Querido Padre Arzobispo, Guillermo José; Padre y Hermano Néstor; queridos sacerdotes, diáconos, seminaristas, consagrados y consagradas, hermanos y hermanas, fieles todos de la Arquidiócesis de Bahía Blanca:

Un saludo fraterno en la Fiesta de Santa Rosa de Lima, hermana dominica y patrona de América… primicia de santidad en nuestra tierra… (me refiero a su condición de primera beata y luego santa canonizada).

Como saben me encuentro en Buenos Aires -en nuestro convento de Santo Domingo- dispuesto a viajar (mañana miércoles 31 de agosto al mediodía) a Roma. El motivo principal de este viaje: participar en el curso que cada año programa y organiza la Santa Sede para “los nuevos obispos”. Dios mediante seremos 3 (tres) los obispos de Argentina en dicho curso (todos consagrados durante el segundo semestre de 2015).

Invitado por el Maestro de la Orden de Predicadores (frailes Dominicos) a la que pertenezco, antes del curso, pasaré Dios mediante unos días en el Convento Santa Sabina, Curia General de la Orden, donde viví 16 años de mi vida como fraile (1989 – 1992 y 1997 -2010). Dicho sea de paso, en la Basílica de Santa Sabina, iglesia conventual de la curia, Santa Rosa fue beatificada por el Papa Clemente IX el 15 de abril de 1668. El 12 de abril de 1671 fue canonizada en San Pedro por el Papa Clemente X.

Agradezco la oportunidad que me han ofrecido para participar en este curso y -providencialmente- para confraternizar con mis hermanos frailes en ese querido convento dominicano.

Los llevo en mi oración y afecto. Adonde vaya -tantos sitios y templos significativos- “los llevaré” y presentaré, si se da la oportunidad, sus saludos, oraciones y amistad filial al querido Papa Francisco (que el 3 de noviembre del año pasado, fiesta de San Martín de Porres, me encomendara esta misión en la muy querida arquidiócesis de Bahía Blanca).
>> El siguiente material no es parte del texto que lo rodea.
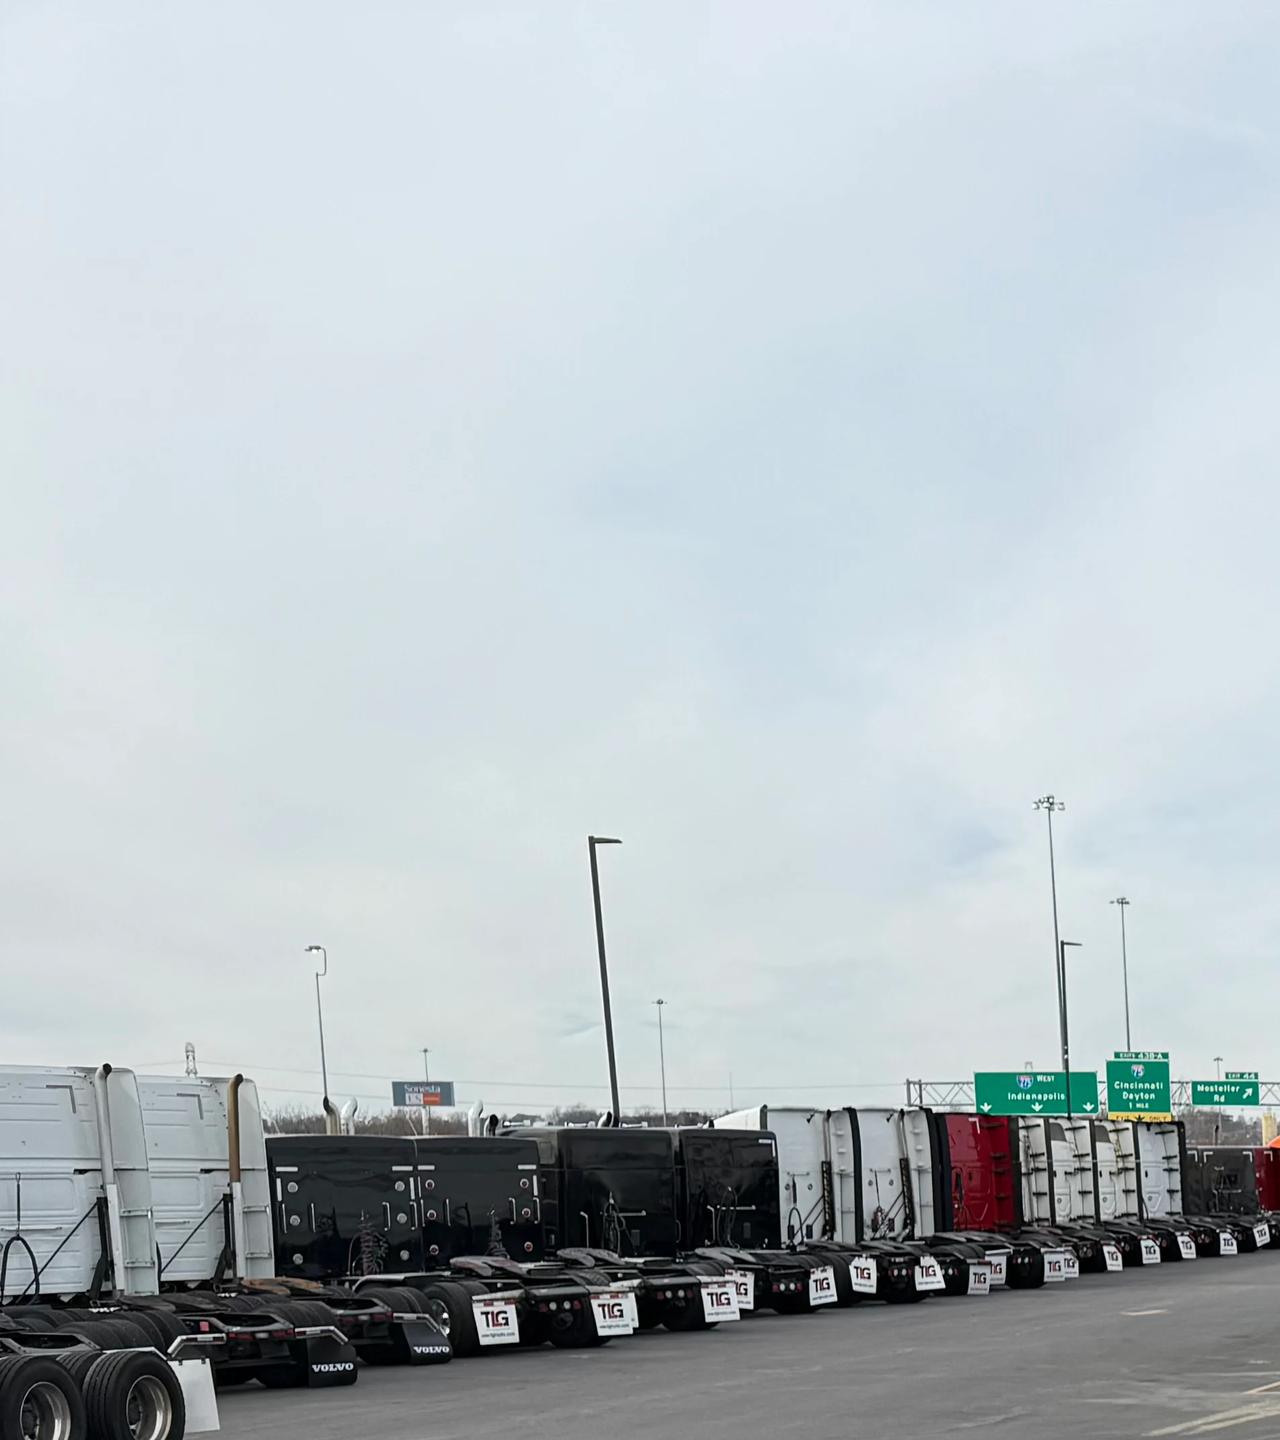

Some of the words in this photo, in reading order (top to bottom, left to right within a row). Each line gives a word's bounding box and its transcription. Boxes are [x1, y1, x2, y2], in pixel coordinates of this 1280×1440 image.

[404, 1084, 440, 1093] Sonesta
[1114, 1081, 1163, 1090] Cincinnati
[1197, 1084, 1240, 1093] Mosteller
[1008, 1092, 1065, 1101] Indianapolis
[1122, 1091, 1155, 1100] Dayton
[1214, 1094, 1225, 1102] Rd
[853, 1266, 871, 1280] TLG
[813, 1277, 830, 1293] TLG
[707, 1291, 731, 1307] TLG
[598, 1303, 624, 1320] TLG
[480, 1310, 510, 1328] TLG
[413, 1345, 450, 1354] VOLVO
[311, 1361, 354, 1372] VOLVO
Como les decía en una celebración a inicios de este año: “Mi norte es el sur”, bajo la guía celeste de la Cruz del Sur (que tanto extrañaba durante los años pasados en Roma).
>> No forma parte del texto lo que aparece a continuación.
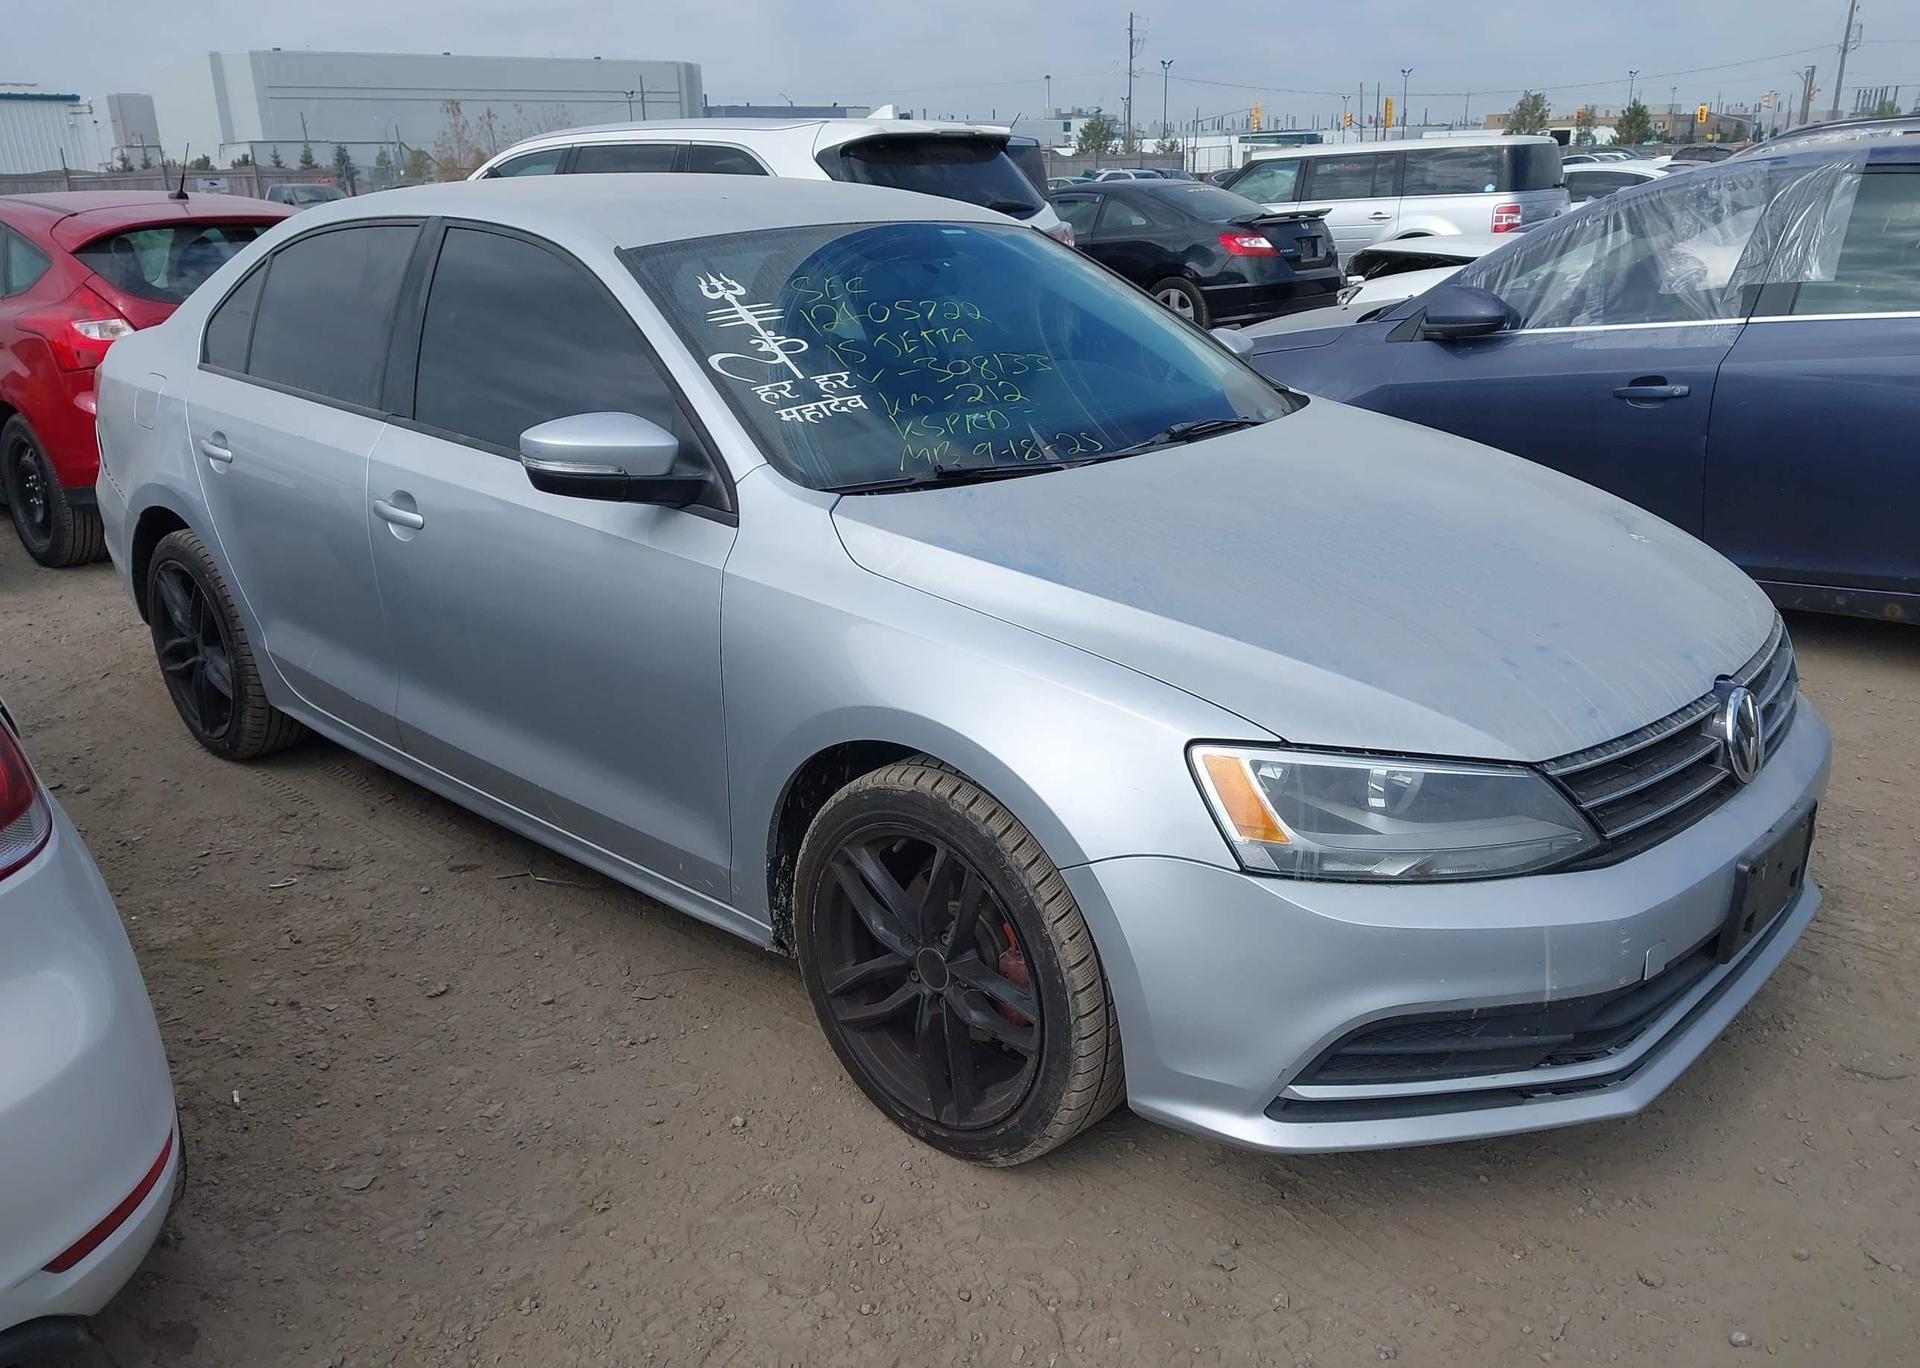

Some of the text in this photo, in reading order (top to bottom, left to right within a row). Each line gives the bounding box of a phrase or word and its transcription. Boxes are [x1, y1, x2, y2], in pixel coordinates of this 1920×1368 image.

[790, 275, 870, 303] SEC
[873, 327, 974, 358] JETTA
[751, 371, 857, 405] हर हर
[774, 394, 869, 424] महादेव
Les pido me acompañen en los próximos días y pidan al Señor Jesús, el Buen Pastor y a Nuestra Señora de la Merced por los frutos de este viaje y por el ministerio que “voy estrenando” en medio de ustedes, con ustedes. Agradezco la acogida que me han brindado desde mi llegada (por primera vez) a Bahía Blanca, el domingo 6 de diciembre del año pasado. Cada visita, cada encuentro, personal y comunitario, me ha enriquecido… Las diversas fiestas patronales, las celebraciones del Sacramento de la Confirmación, las visitas a los sacerdotes, encuentros zonales… encuentros con consagrados, ¡diversas tandas de retiros espirituales! ¡todo! ha sido ocasión propicia para poder repetir las palabras del salmo: “Me ha tocado un lote hermoso, me encanta mi heredad” (Salmo 15).

Los bendigo de corazón esperando verlos -si Dios quiere- el 22 de septiembre con la venida de la primavera… Podré participar entonces junto a ustedes en la celebración de la querida patrona de la diócesis.